■ **Requirement**: Reproduce each line of the material exactly, minus any picture.

*** Begin section ***

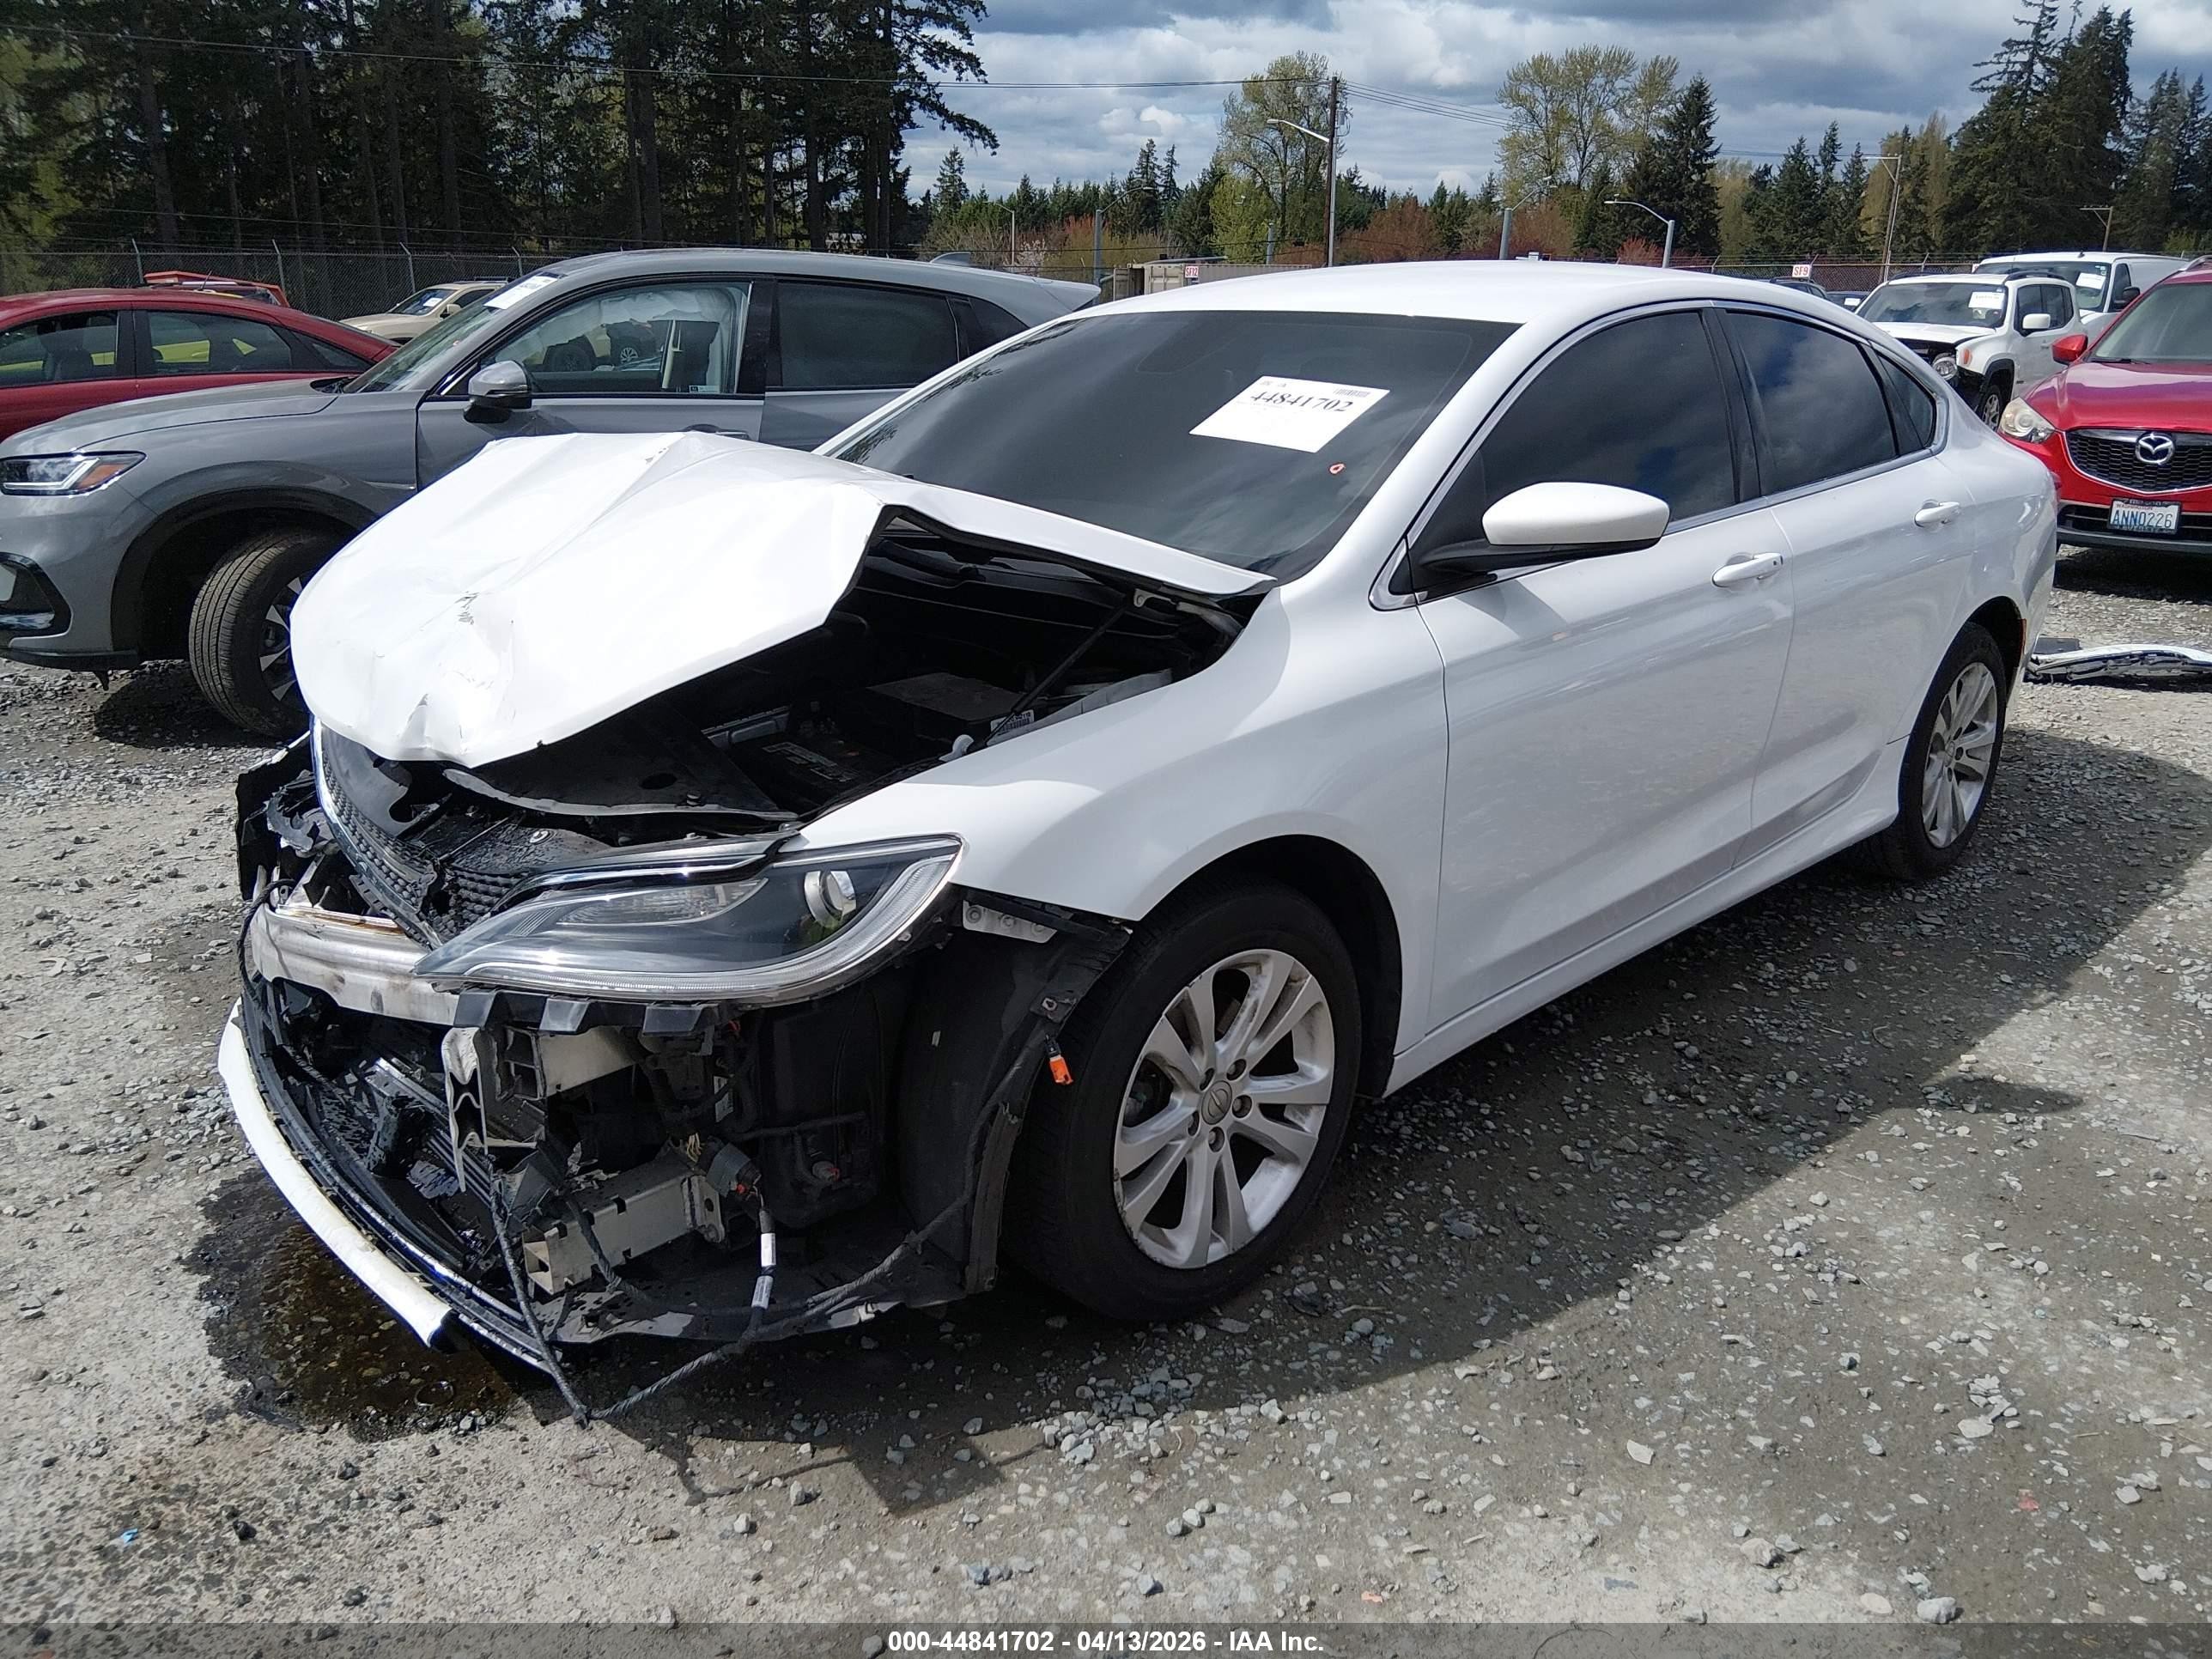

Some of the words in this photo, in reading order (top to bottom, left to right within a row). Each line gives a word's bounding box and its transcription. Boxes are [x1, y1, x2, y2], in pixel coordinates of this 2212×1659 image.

[1185, 267, 1198, 276] SF12
[1794, 266, 1808, 276] SF9
[1250, 391, 1353, 412] 44841702
[2112, 509, 2173, 528] ANN0226

*** End section ***

■ **Exercise result**:
Some of the words in this photo, in reading order (top to bottom, left to right within a row). Each line gives a word's bounding box and its transcription. Boxes are [x1, y1, x2, y2], in pixel coordinates of this 2212×1659 image.

[1185, 267, 1198, 276] SF12
[1794, 266, 1808, 276] SF9
[1250, 391, 1353, 412] 44841702
[2112, 509, 2173, 528] ANN0226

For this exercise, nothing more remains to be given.